Company uses microbes and air to make a meat substitute

Company uses microbes and air to make a meat substitute

A Finnish startup has begun to make food using air, solar power, and microbes, reports The Guardian. The result is solein, a yellowish protein powder made up of single-cell organisms, similar to yeast. The solein can then be used in dishes like ravioli as a replacement for meat and eggs.  Using solein, the company has managed to produce ravioli that “tastes the same as normal pasta”:

Nothing appears remarkable about a dish of fresh ravioli made with solein. It looks and tastes the same as normal pasta.
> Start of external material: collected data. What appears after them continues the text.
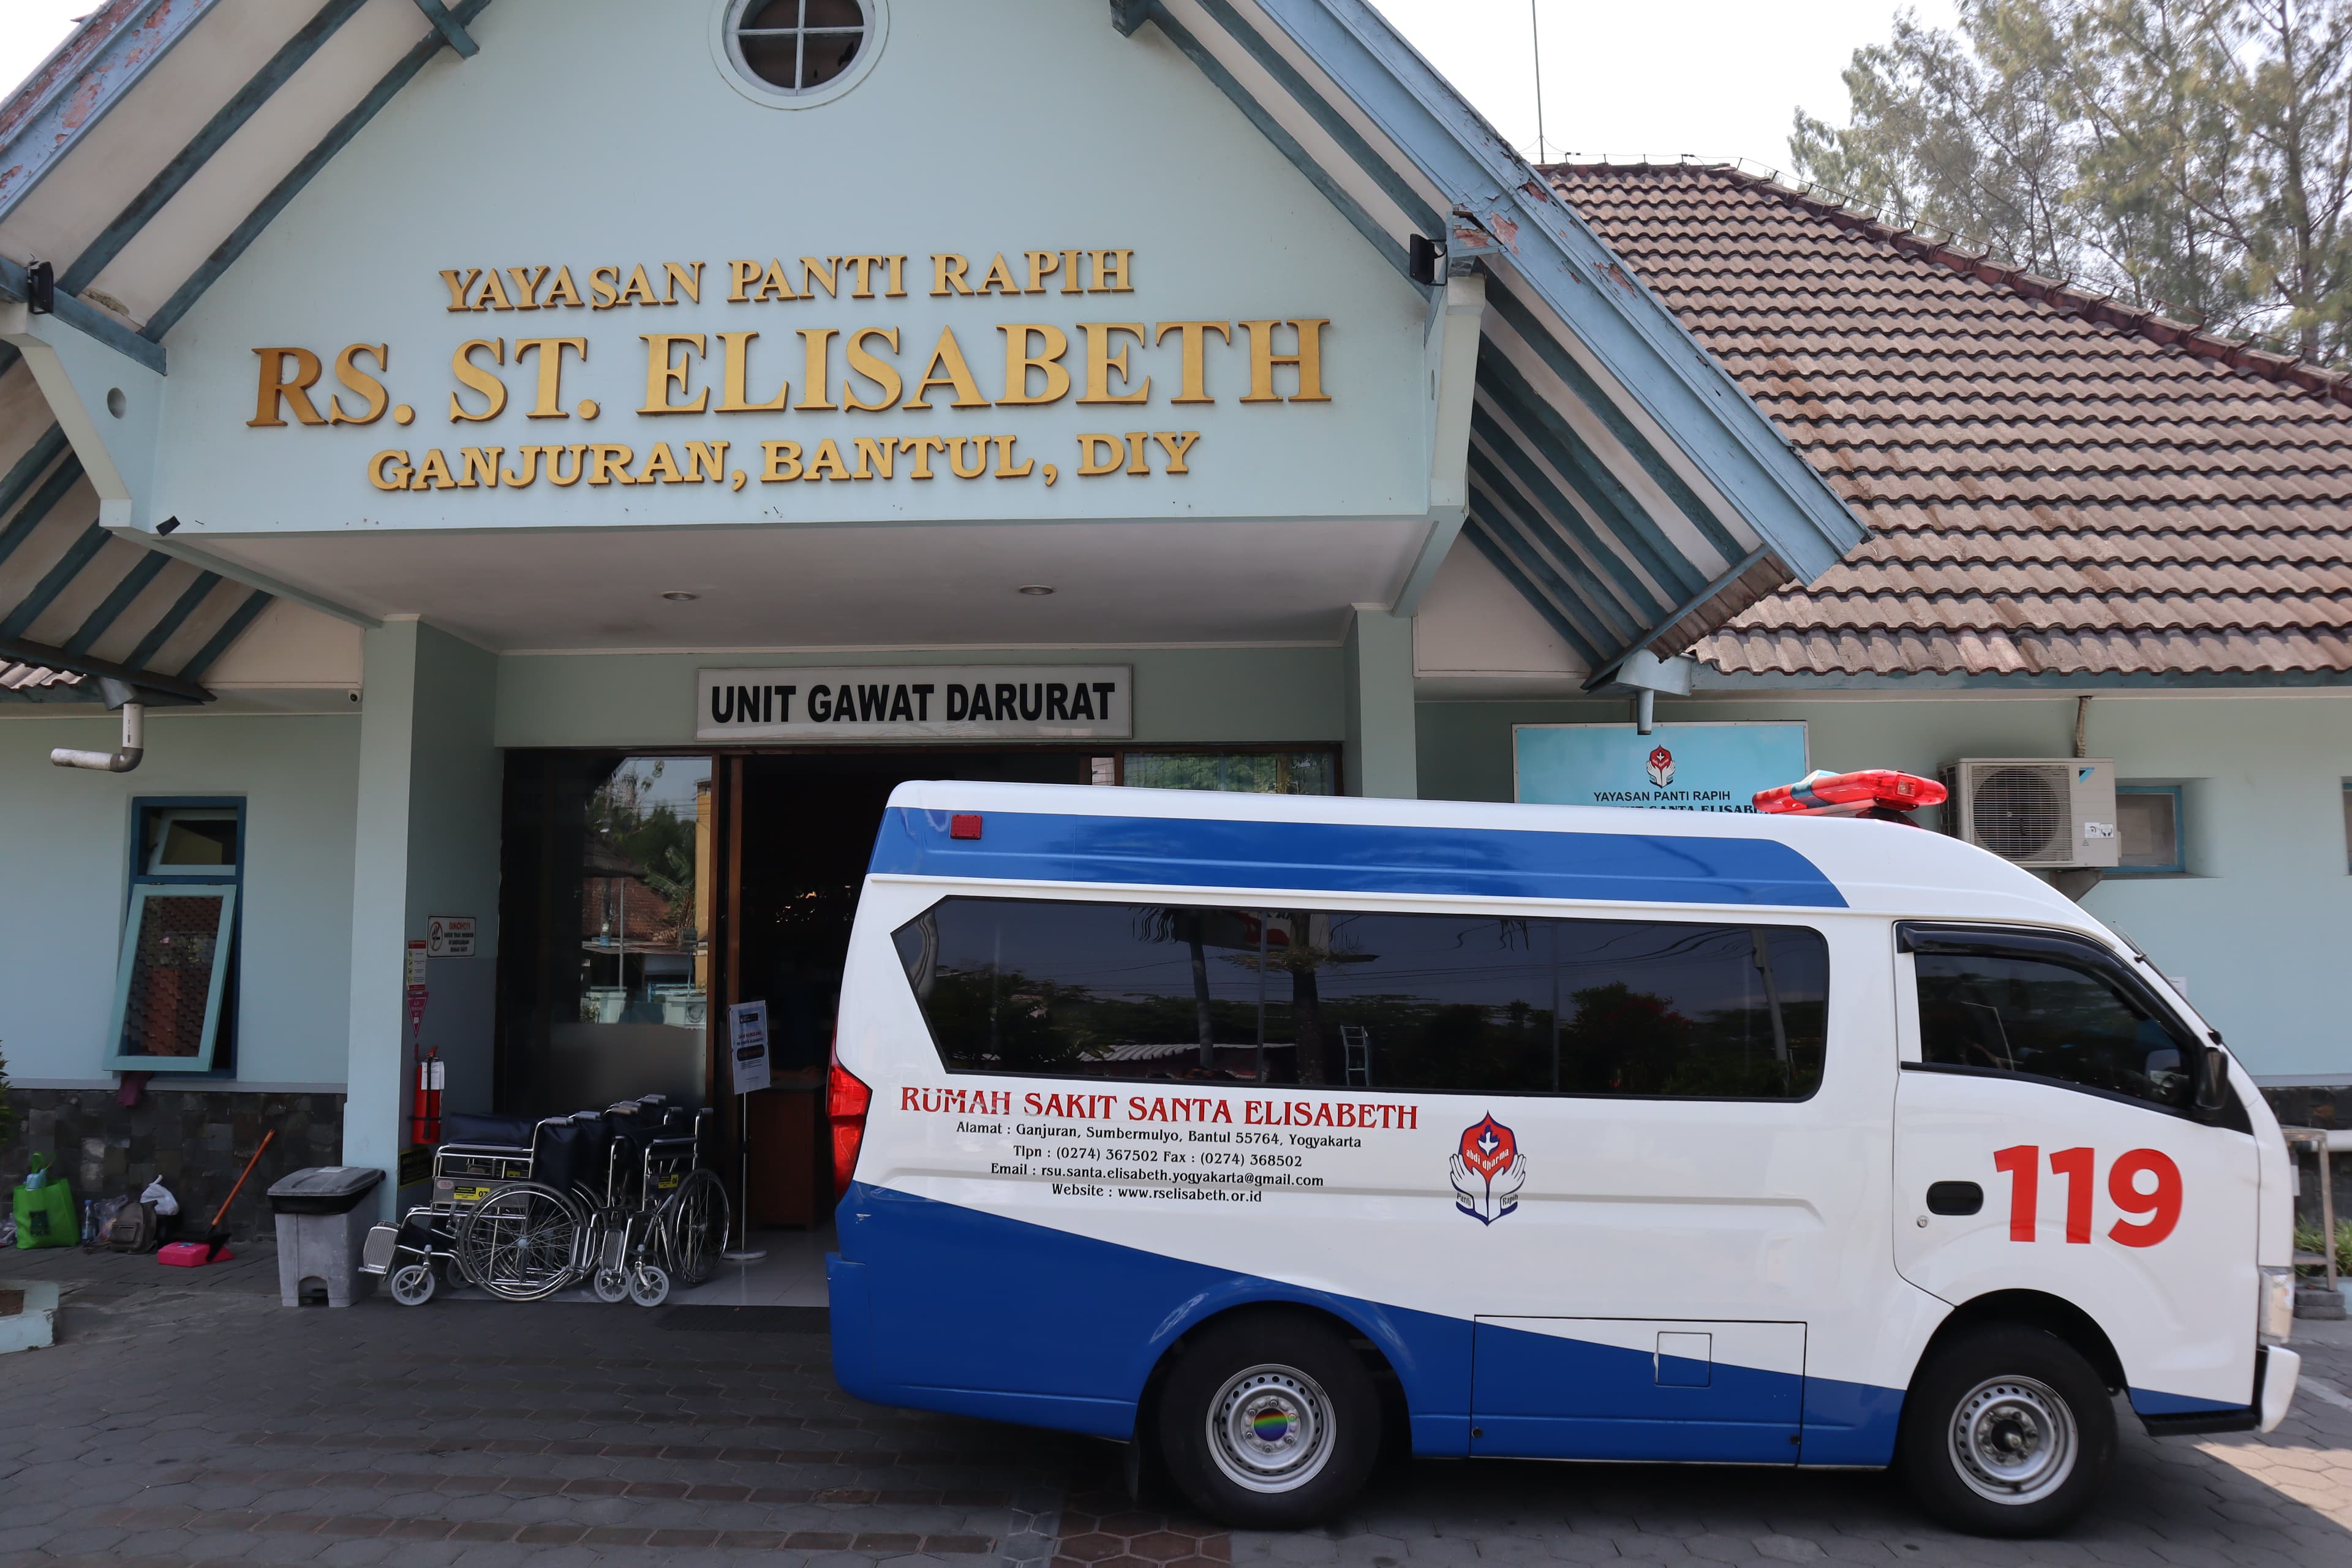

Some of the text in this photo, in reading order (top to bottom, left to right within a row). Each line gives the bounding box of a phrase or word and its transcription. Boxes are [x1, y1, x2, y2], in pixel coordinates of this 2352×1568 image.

[439, 250, 1134, 312] YAYASAN PANTI RAPIH
[246, 318, 1332, 427] RS. ST. ELISABETH
[368, 431, 1200, 492] GANJURAN, BANTUL, DIY
[711, 682, 1115, 723] UNIT GAWAT DARURAT
[1594, 791, 1730, 802] YAYASAN PANTI RAPIH
[900, 1087, 1418, 1129] RUMAH SAKIT SANTA ELISABETH
[956, 1121, 1002, 1134] Alamat
[1016, 1124, 1081, 1139] Ganjuran,
[1086, 1126, 1183, 1143] Sumbermulyo,
[1188, 1131, 1231, 1143] Bantul
[1235, 1132, 1283, 1145] 55764,
[1289, 1134, 1362, 1148] Yogyakarta
[1013, 1145, 1042, 1159] Tlpn
[1057, 1147, 1101, 1161] (0274)
[1106, 1148, 1158, 1162] 367502
[1163, 1152, 1186, 1163] Fax
[1200, 1152, 1245, 1166] (0274)
[1250, 1154, 1302, 1167] 368502
[1466, 1148, 1509, 1171] abdi dharma
[991, 1163, 1027, 1175] Email
[1041, 1166, 1324, 1187] rsu.santa.elisabeth.yogyakarta@gmail.com
[1052, 1184, 1104, 1197] Website
[1118, 1187, 1262, 1203] www.rselisabeth.or.id
[1457, 1193, 1471, 1206] Panti
[1502, 1194, 1518, 1206] Rapih
[1994, 1145, 2183, 1248] 119
But the origins of the proteins which give it its full-bodied flavour are extraordinary: they come from Europe’s first factory dedicated to making human food from electricity and air.

The factory’s owner, Solar Foods, has started production at a site in Vantaa, near the Finnish capital of Helsinki, that will be able to produce 160 tonnes of food a year. It follows several years of experimenting at lab scale.
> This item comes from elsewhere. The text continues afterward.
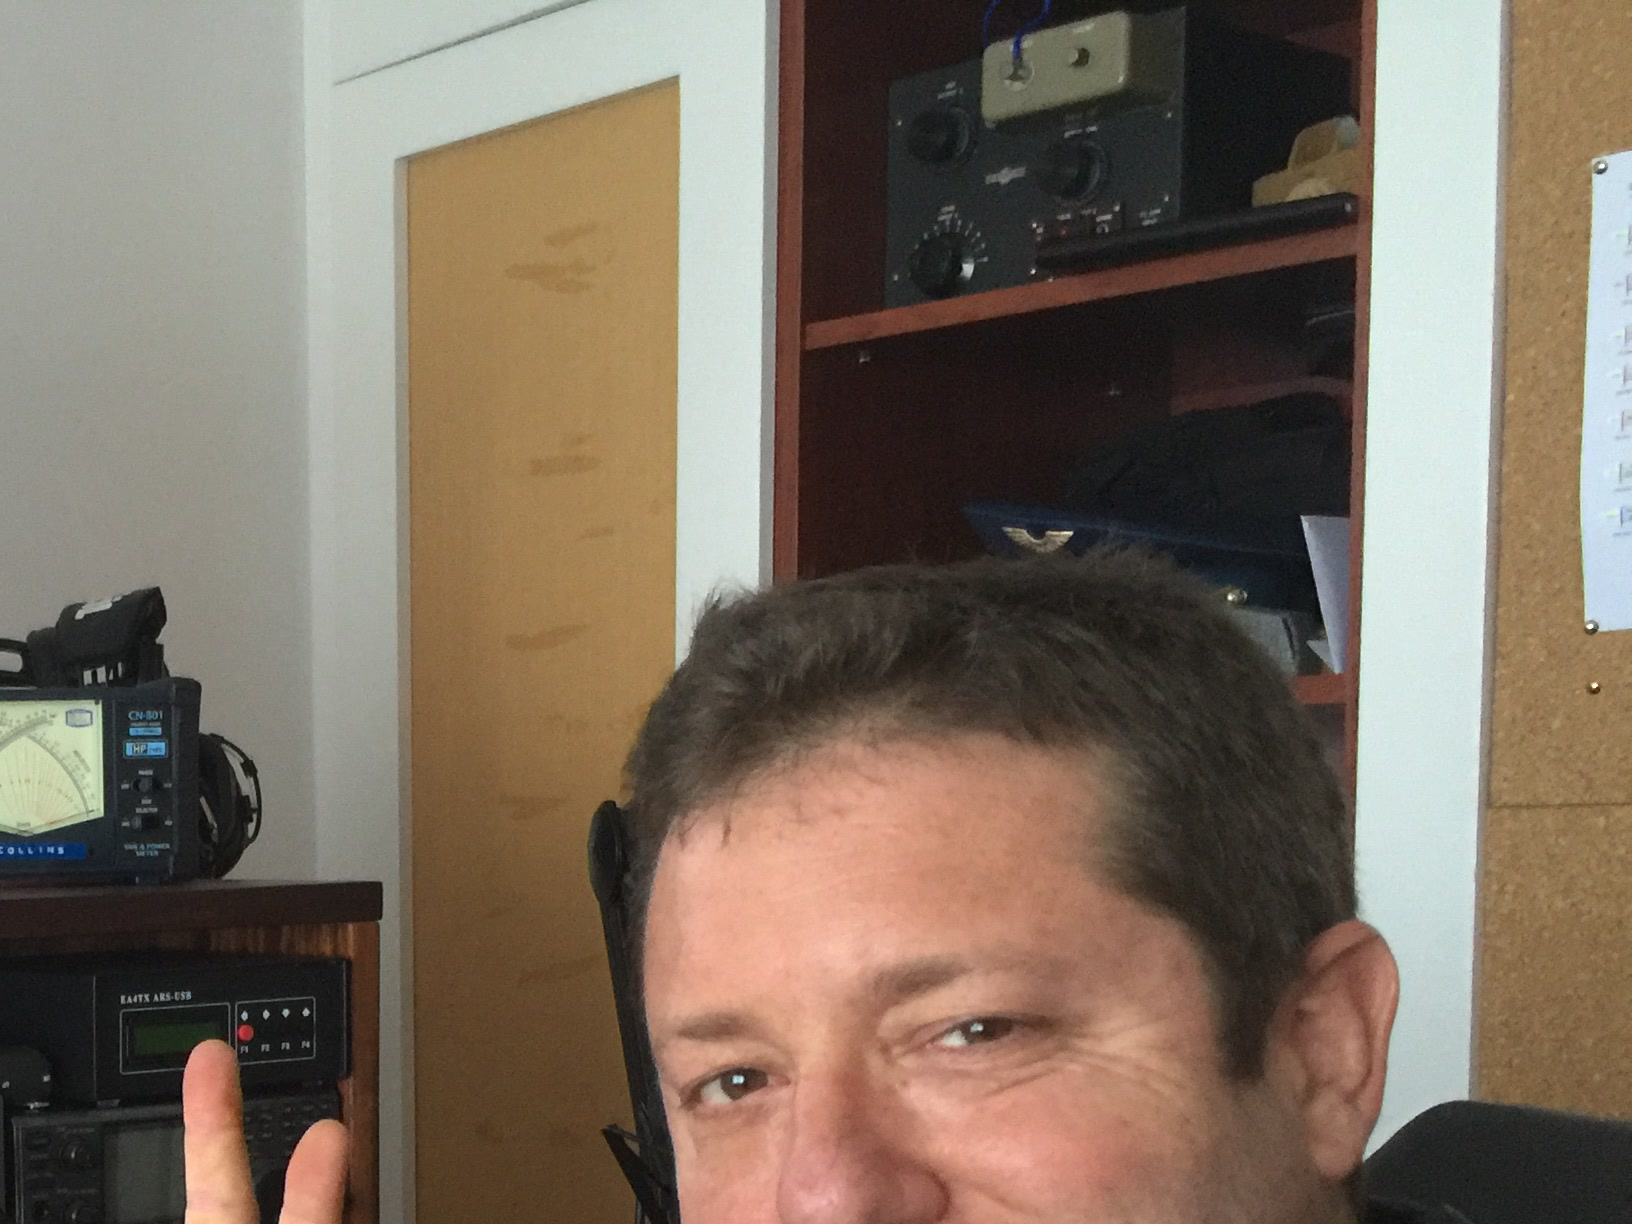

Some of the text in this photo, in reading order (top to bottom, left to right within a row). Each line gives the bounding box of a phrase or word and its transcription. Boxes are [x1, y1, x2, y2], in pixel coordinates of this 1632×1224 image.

Solar Foods has already gained novel food approval for solein in Singapore, and is seeking to introduce its products in the US this autumn, followed by the EU by the end of 2025…The company is hoping for [its solein] proteins to be used in meat alternatives, cheese and milkshakes, and as an egg replacement ingredient in noodles, pasta and mayonnaise.

The ravioli it served up this week was made with solein replacing egg, with a solein version of cream cheese. The Finnish confectioner Fazer has already sold chocolate bars in Singapore with added solein (which is also a handy source of iron for vegans). A Singaporean restaurant last year created a solein chocolate gelato, replacing dairy milk….

Solar Foods … uses … renewable electricity from the sun to split water apart. It then feeds the hydrogen and oxygen to the microbes in a brewing vessel, plus carbon dioxide captured from the air from the company’s office ventilation system….5% of the mixture in the brewing vessel is a solution containing other minerals needed by cells, such as iron, magnesium, calcium and phosphorus. The microbes are then pasteurised (killing them), then dried in a centrifuge and with hot air. That leaves a powder that can be used in food….Efficient US farmers get 3.3 tonnes of soya beans from each harvest of a hectare, according to the UN’s Food and Agriculture Organization. By contrast, Solar Foods’ pilot factory takes [only] a fifth of a hectare to produce 160 tonnes a year….

Other companies are pursuing the same dream. Dozens are using microbes to create animal feed, although they often require sugars or fossil fuel feedstocks. One US rival, Air Protein, has opened a factory in California using similar “hydrogenotrophs” – hydrogen eaters. It has the backing of the food multinational Archer-Daniels-Midland, the British bank Barclays and GV (formerly Google Ventures).

The Dutch company Deep Branch, which is making fish food, claims its Proton protein will be 60% less carbon-intensive than conventional proteins.

Meanwhile, researchers have genetically modified chickens to produce a chicken that lays non-allergenic eggs. So people who are allergic to eggs may finally be able to enjoy them.

A company in Okanogan has genetically engineered apples to come up with a non-browning apple (that is, an apple whose slices don’t get brown when exposed to the air).

A mutant tomato could save harvests around the world. Farmers have found they can increase crop yields by using electrical stimulation on their crops.

Scientists recently developed genetically-modified bananas to keep the principal variety of banana from being wiped out by a dangerous blight. They also engineered bionic silkworms that spin fibers six times stronger than Kevlar.

Scientists have genetically engineered a cow that produces human insulin in its milk, which could one day make insulin much cheaper and more abundant.

Genetic engineering has led to a corn yield breakthrough in China.

Genetic engineering is providing other benefits. A gene-edited kidney transplant allowed a monkey to survive for two years, a scientific advance that could be used in the future to help increase the supply of kidneys for people who currently can’t get one. Earlier, the New York Post wrote about “How pigs will save thousands of human lives through organ transplants.” Last January, David Bennett, a 57-year-old man with end-stage heart disease, received a genetically modified pig heart at the University of Maryland Medical Center. The cost of a heart transplant in the US was around $1.66 million in 2022, while pig transplants cost less, about $500,000. Even without genetic modifications, a pig kidney worked for a month in a brain-dead man it was transplanted into.